What the task asks =
Each entry is to be given again exactly; drop the images.

"""

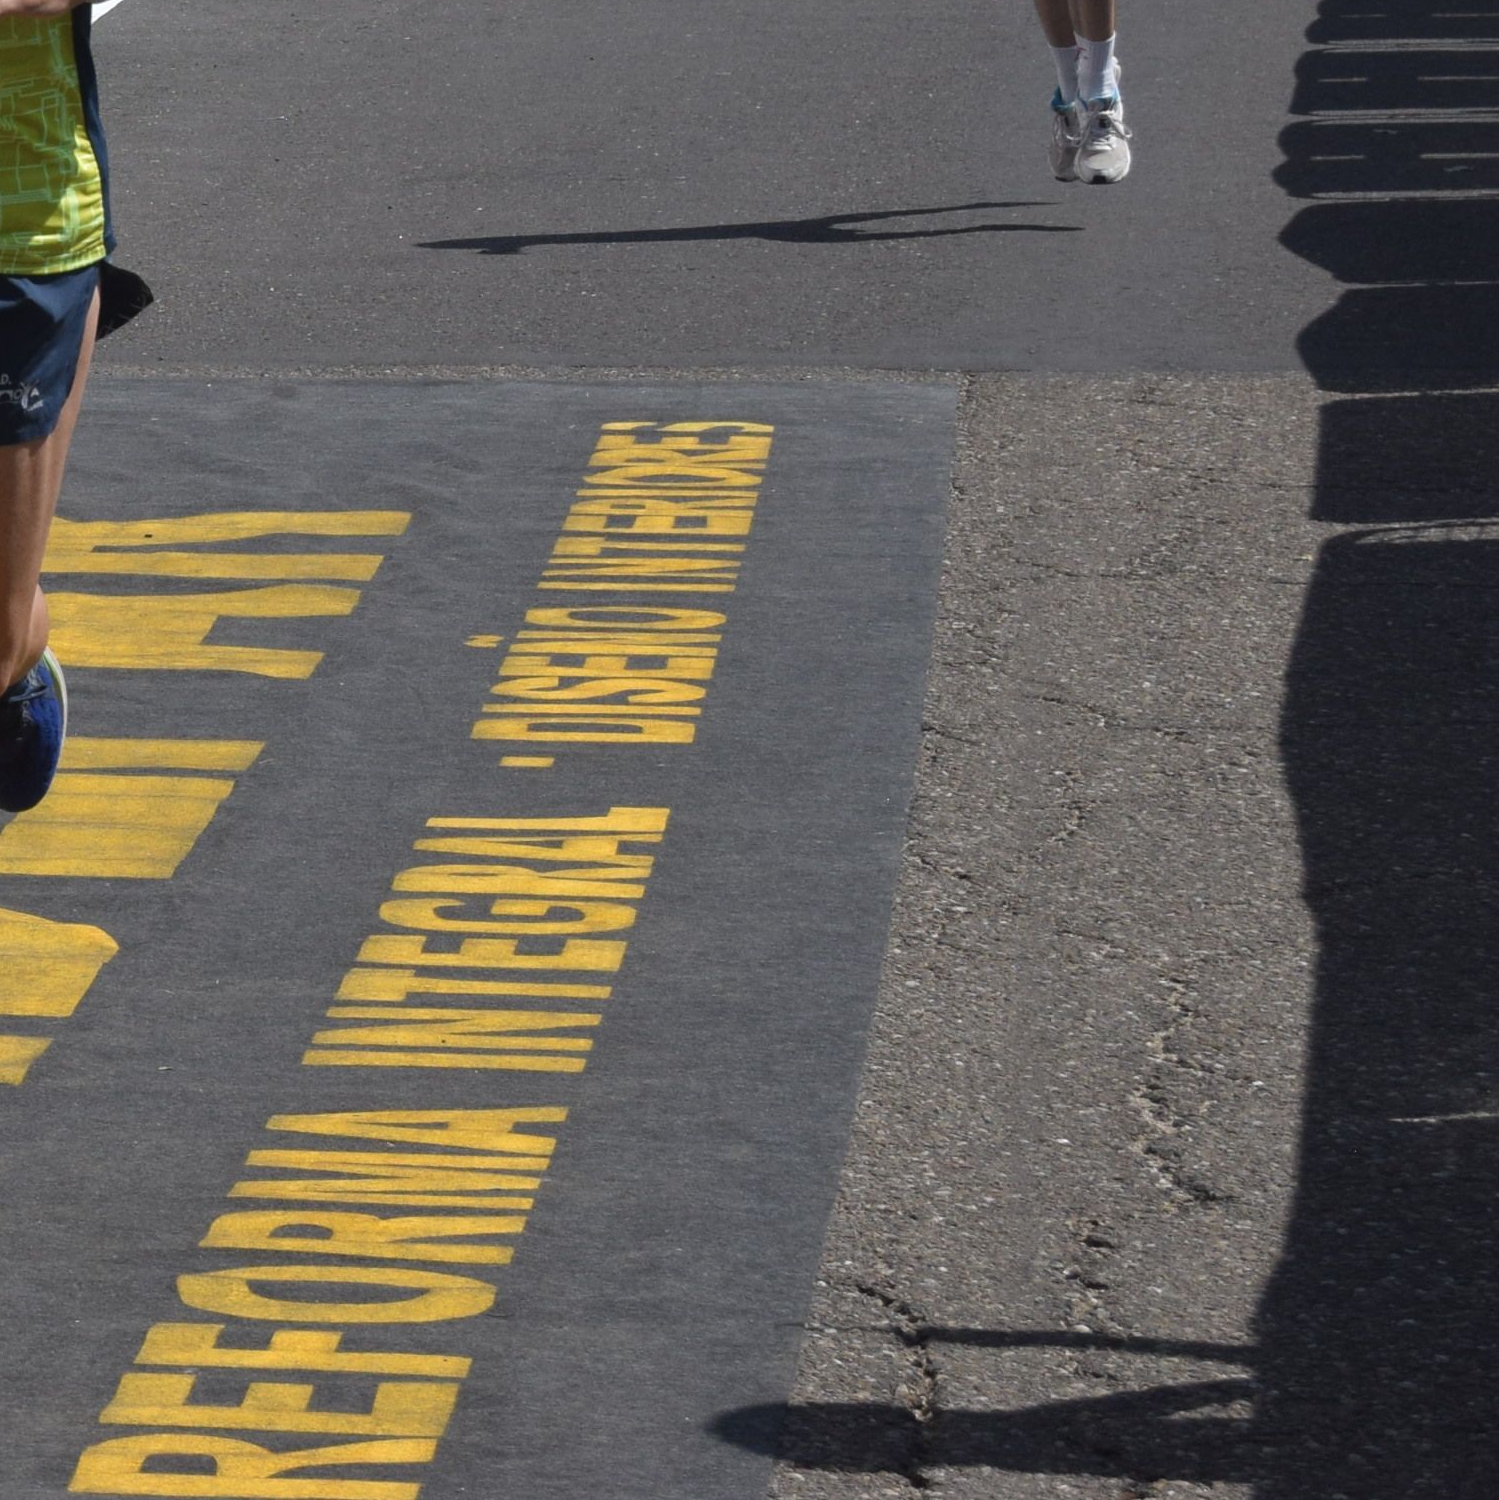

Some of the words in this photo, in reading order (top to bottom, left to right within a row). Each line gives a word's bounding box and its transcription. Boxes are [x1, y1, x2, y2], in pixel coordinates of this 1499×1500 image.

[537, 421, 775, 592] INTERIORES
[464, 606, 728, 744] DISEÑO
[302, 806, 672, 1073] INTEGRAL
[67, 1106, 570, 1500] REFORMA

"""

Expected answer =
Some of the words in this photo, in reading order (top to bottom, left to right within a row). Each line gives a word's bounding box and its transcription. Boxes are [x1, y1, x2, y2], in pixel coordinates of this 1499×1500 image.

[537, 421, 775, 592] INTERIORES
[464, 606, 728, 744] DISEÑO
[302, 806, 672, 1073] INTEGRAL
[67, 1106, 570, 1500] REFORMA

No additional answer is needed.